**Given records**
★ ★ ★ ★ ★ ★ ★
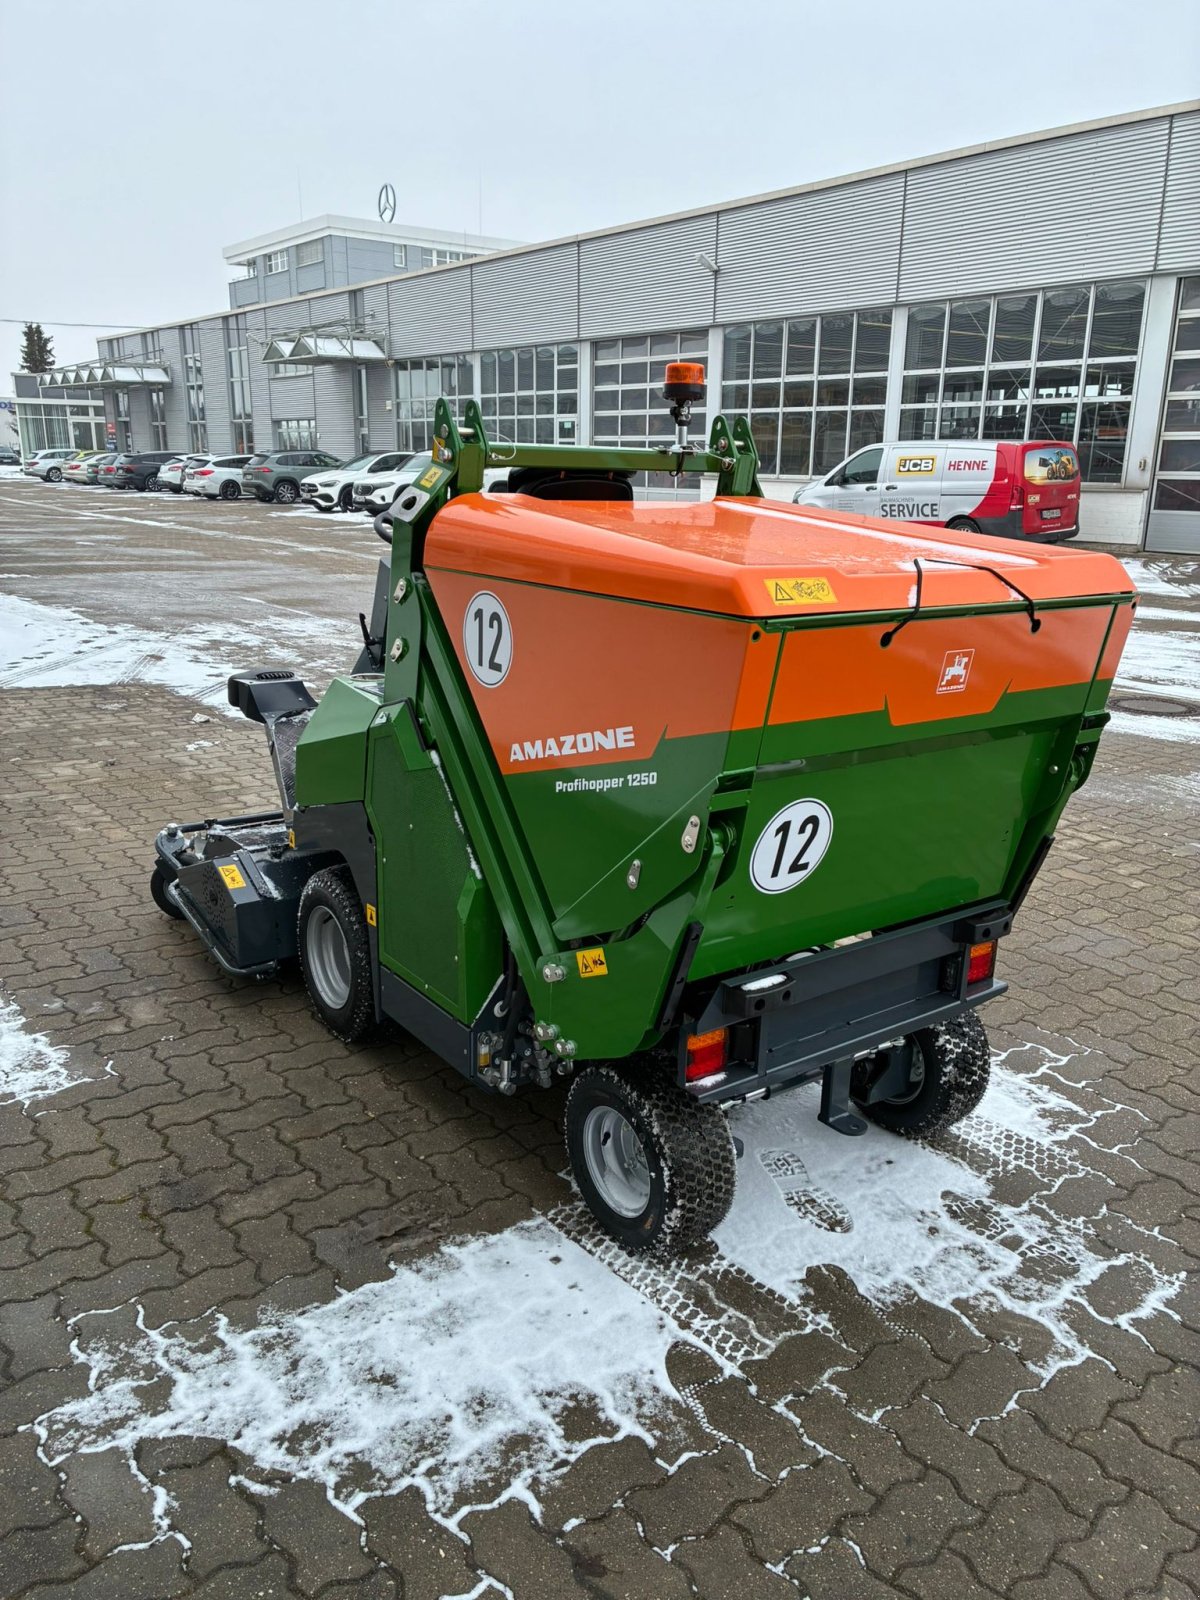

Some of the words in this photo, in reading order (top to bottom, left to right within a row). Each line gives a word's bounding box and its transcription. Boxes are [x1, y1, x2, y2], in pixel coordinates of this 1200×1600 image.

[898, 459, 934, 472] JCB
[947, 460, 989, 471] HENNE
[881, 503, 939, 518] SERVICE
[474, 607, 503, 673] 12
[510, 725, 636, 763] AMAZONE
[555, 777, 625, 793] Profihopper
[626, 771, 658, 787] 1250
[770, 814, 820, 879] 12
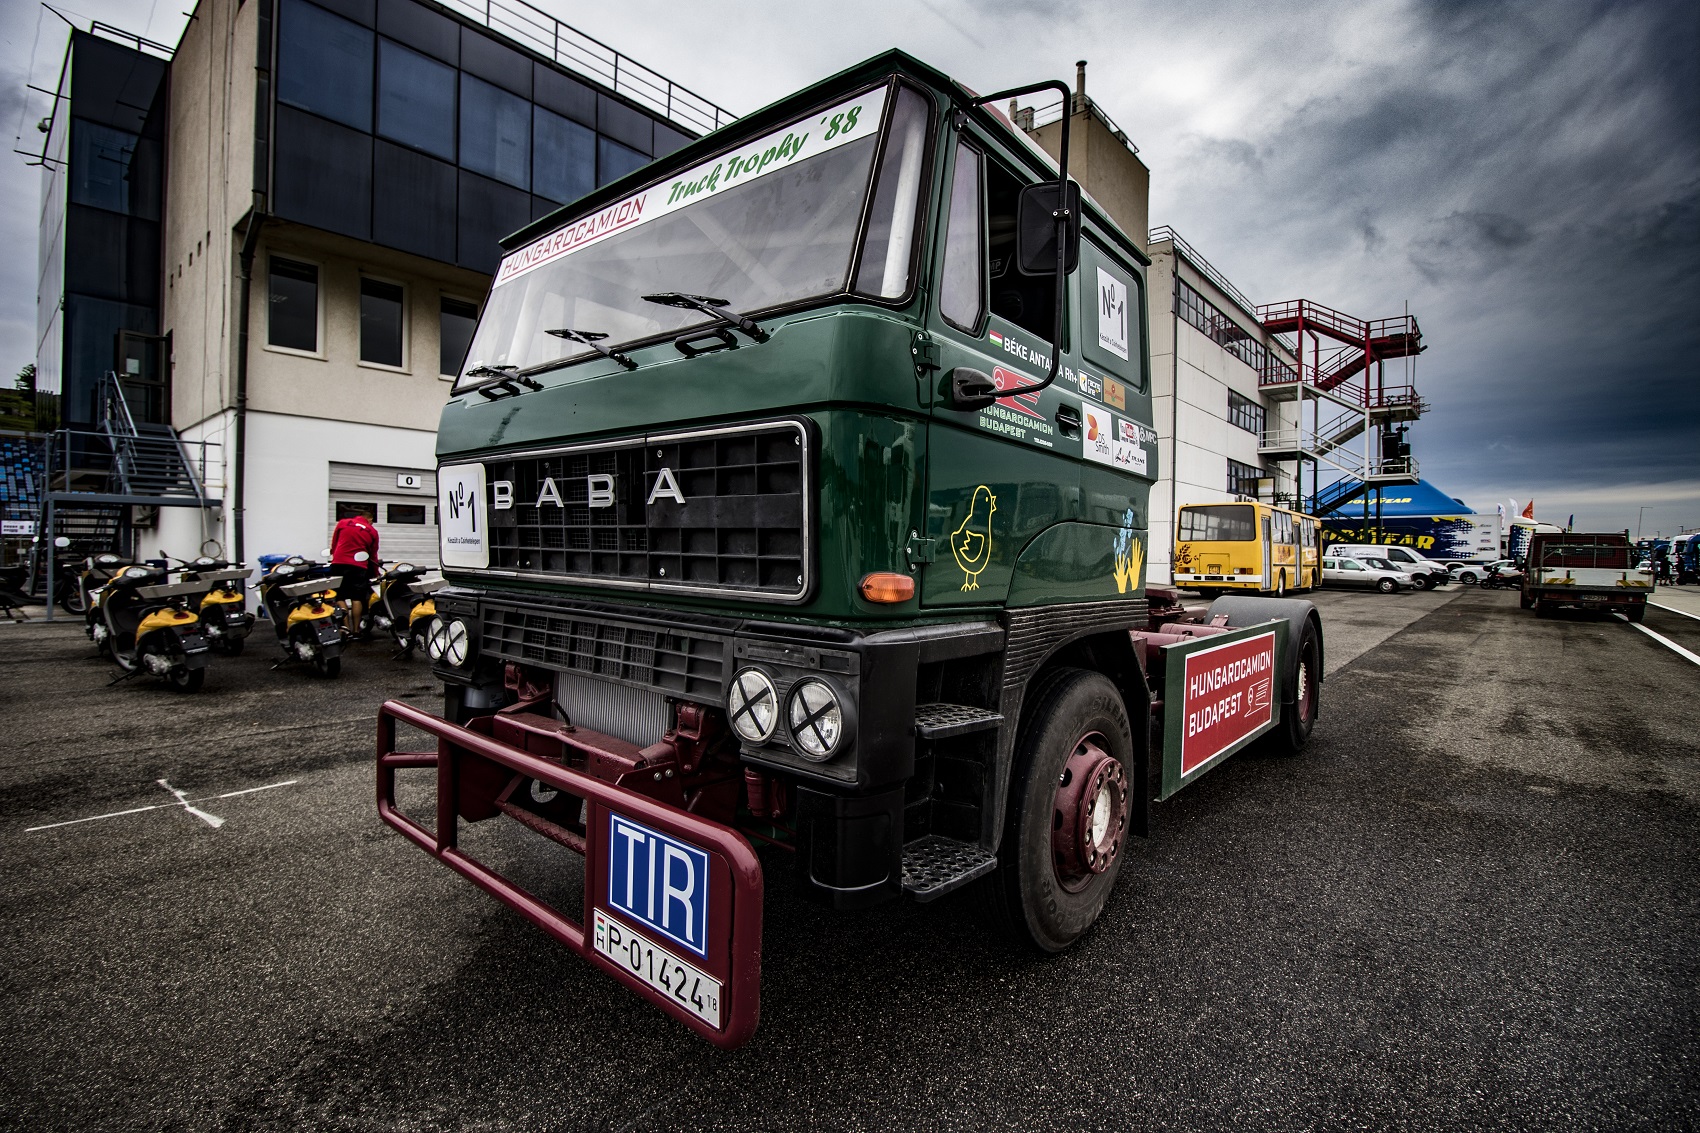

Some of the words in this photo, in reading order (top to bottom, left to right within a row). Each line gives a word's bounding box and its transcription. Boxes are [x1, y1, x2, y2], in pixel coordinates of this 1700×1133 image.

[502, 194, 647, 277] HUNGAROCAMION
[667, 163, 723, 205] Truck
[724, 132, 809, 182] Trophy
[1004, 337, 1028, 361] BÉKE
[1065, 367, 1078, 384] Rh+
[980, 416, 1026, 439] BUDAPEST
[493, 467, 686, 510] BABA
[1190, 649, 1271, 700] HUNGAROCAMION
[1188, 691, 1242, 738] BUDAPEST
[618, 823, 694, 942] TIR
[596, 931, 605, 949] H
[608, 925, 704, 1013] P-01424
★ ★ ★ ★ ★ ★ ★
**What you have to do**
Nothing but the line with "this 1700×1133 image." and the lines after it, through the end of the material, should appear in the output, word for word.

**Worked solution**
Some of the words in this photo, in reading order (top to bottom, left to right within a row). Each line gives a word's bounding box and its transcription. Boxes are [x1, y1, x2, y2], in pixel coordinates of this 1700×1133 image.

[502, 194, 647, 277] HUNGAROCAMION
[667, 163, 723, 205] Truck
[724, 132, 809, 182] Trophy
[1004, 337, 1028, 361] BÉKE
[1065, 367, 1078, 384] Rh+
[980, 416, 1026, 439] BUDAPEST
[493, 467, 686, 510] BABA
[1190, 649, 1271, 700] HUNGAROCAMION
[1188, 691, 1242, 738] BUDAPEST
[618, 823, 694, 942] TIR
[596, 931, 605, 949] H
[608, 925, 704, 1013] P-01424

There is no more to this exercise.